Becak Ayah
Pagi ini tak berbeda dengan pagi sebelumnya. Tapi bisa berbeda dengan pagi sesudahnya. Pagi selalu memberikan harapan baru, menutupi kekelaman malam yang aku dan keluargaku alami. Pagi ini nampak begitu bersahabat, ingin kugantungkan harapanku setinggi matahari yang bersinar. Walaupun seringkali aku dikecewakan, tapi harapan itu muncul lagi dalam hati dan sanubariku. Seperti munculnya matahari dari peraduannya setelah semalaman hilang dari pandangan. Harapan penantian akan kepulangan Ayah, harapan akan kesejahteraan keluargaku. Kulihat becak Ayah di depan rumah. Sejenak pikiranku melayang.
Hari itu, Ayah pergi pagi-pagi sekali, tidak seperti biasanya. Aku belum membuka mataku ketika kudengar dia berpamitan dengan Ibu. Hari itu juga, bersama becaknya, Ayah pulang lebih malam daripada biasanya. Kuingat waktu sudah menunjukkan pukul 8 malam. Tenagaku telah habis terkuras untuk sekedar mencuci becak Ayah yang nampaknya sangat kotor. Kutinggalkan Ayah untuk berbaring di ranjang bambuku. Kulihat Ayah membersihkan becaknya lewat jendela kamarku. Ya, becak itulah satu-satunya penghasilan Ayah, untuk sekolahku dan untuk keluargaku, bahkan untuk masa depan keluarga kami selanjutnya.
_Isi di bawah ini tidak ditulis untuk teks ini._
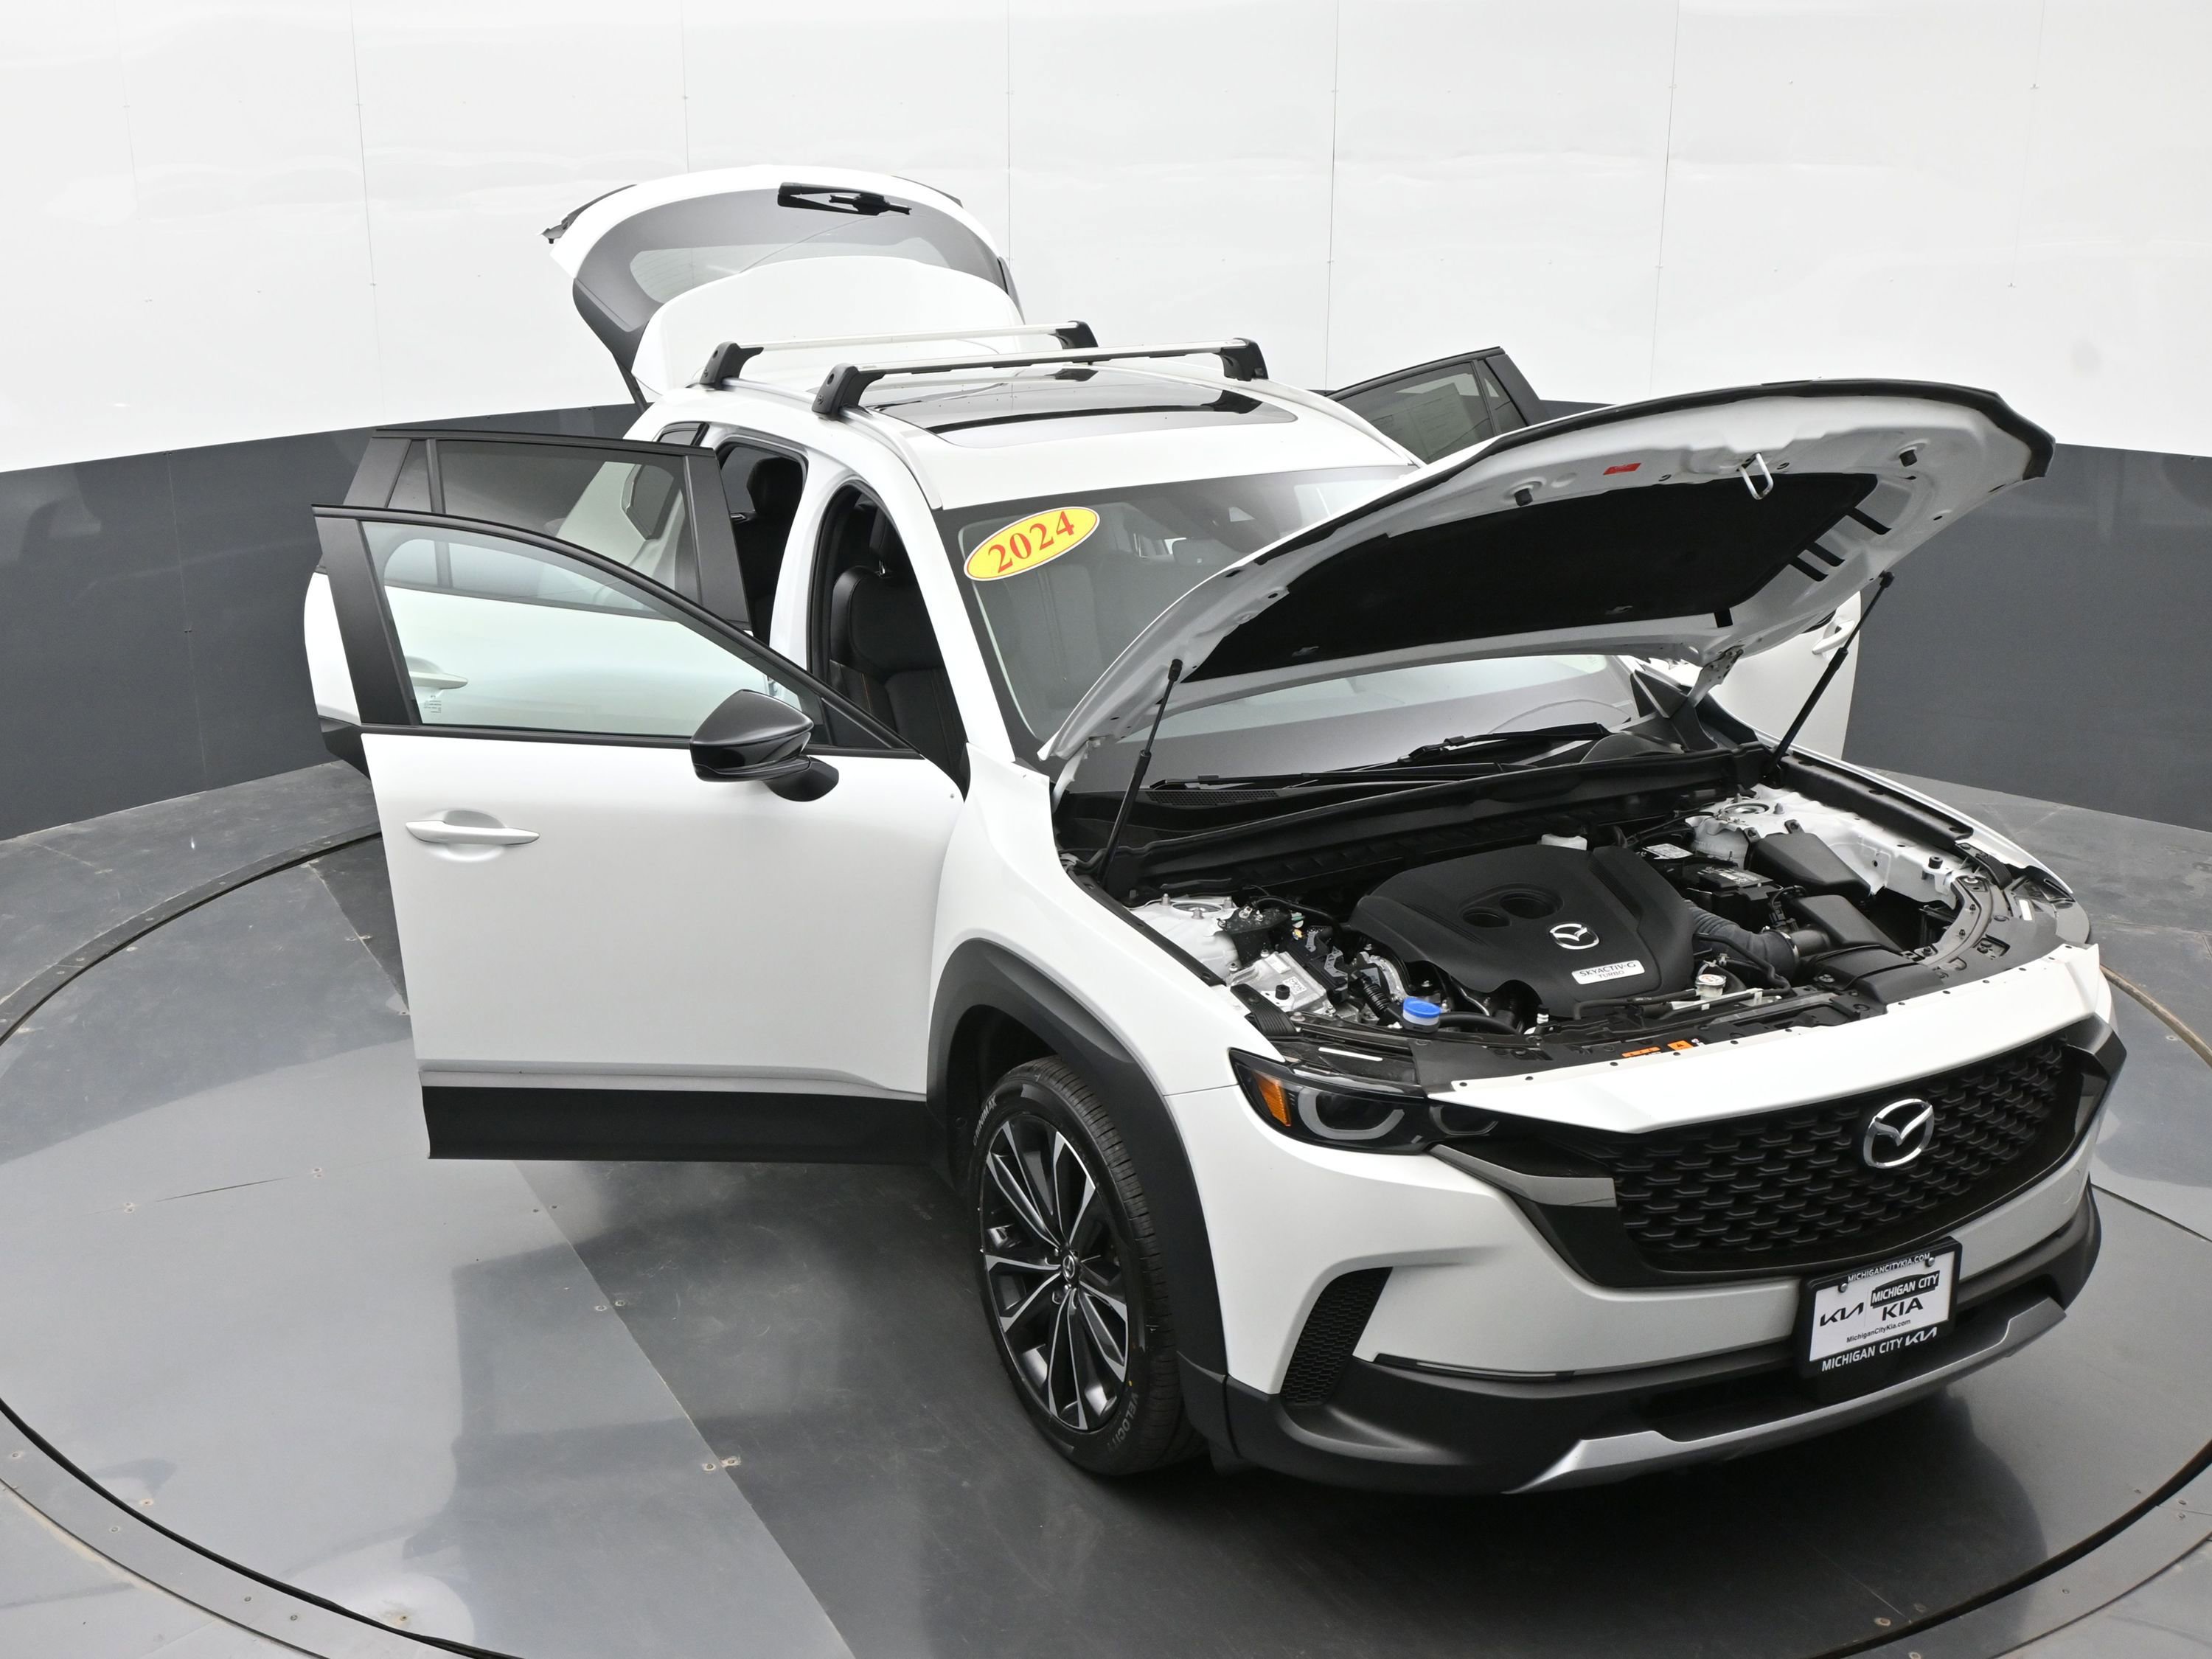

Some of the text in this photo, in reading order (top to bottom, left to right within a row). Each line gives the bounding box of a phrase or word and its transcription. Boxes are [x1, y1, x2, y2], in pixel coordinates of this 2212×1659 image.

Aku terhenyak, Ibu memanggilku untuk membantunya merapikan rumah kami. Sudah dua tahun setelah kepergian Ayah, kulakukan hal serupa. Selesai merapikan rumah, aku pergi ke sekolah. Siangnya, aku membantu Ibu berjualan nasi uduk dan kudapan di kios kecil depan rumah. Hidup kami banyak berubah setelah ditinggal Ayah. Ibu jadi sering kelelahan, akupun begitu. Tapi itu semua hanya untuk sekolahku, pendidikan yang kata Ibu tak boleh ditinggalkan untuk alasan apapun. Pendidikan yang selalu diusahakan Ayah dengan mengayuh becaknya.
Siang ini berbeda dengan siang sebelumnya. Pulang dari sekolah, segera kuhampiri Ibu untuk membantunya berjualan. Pembeli sedang sepi, mungkin karena hujan yang turun dengan derasnya dari pagi dan belum berhenti. Sekilas kulihat becak ayah, yang mulai basah karena air hujan. Kayunya mulai lapuk dan atapnyapun sudah mulai sobek, hingga air hujan leluasa membasahi becak ayah. Kuperhatikan becak itu. Sekonyong-konyong pikiranku melayang.
Hari terakhir sebelum kepergian Ayah, hujan di siang hari, Ayah pulang cepat. Aku bertanya-tanya, ada apa gerangan. Apakah yang terjadi kepada Ayahku? Atau ada alasan lain? Ayah segera menghampiri Ibu dan berbicara empat mata sebentar. Ibuku hanya diam saja, aku tak mengerti mengenai hal tersebut. Esok harinya, Ayah berpamitan denganku, dengan Ibuku. Aku bingung. Biasanya Ayah tak pernah berpamitan denganku seserius itu, ‘ayah mau kerja dulu ya’ itulah yang biasanya kudengar. Tapi kurasakan ada hal yang berbeda. Hal yang menusuk tepat di tengah-tengah dadaku.
Ayahku berpesan agar aku tetap bersekolah dengan baik, tetap melanjutkan cita-cita mulianya itu. Aku hanya tertunduk lesu dan merelakan Ayah pergi. Ibuku juga begitu, namun ia tampak lebih tabah. Aku baru tahu kalau Ayah pergi merantau, entahlah ke mana, karena ibu sendiri juga tidak tahun pasti. Tapi satu janji yang tetap kuingat bahwa ia akan kembali, kembali padaku, pada Ibuku. Saat itulah aku sangat bangga pada Ayahku, ya walaupun ayahku hanyalah seorang tukang becak. Kulihat becaknya yang basah dengan air hujan, sama dengan pipiku yang mulai basah dengan air mata, teringat masa-masa lalu.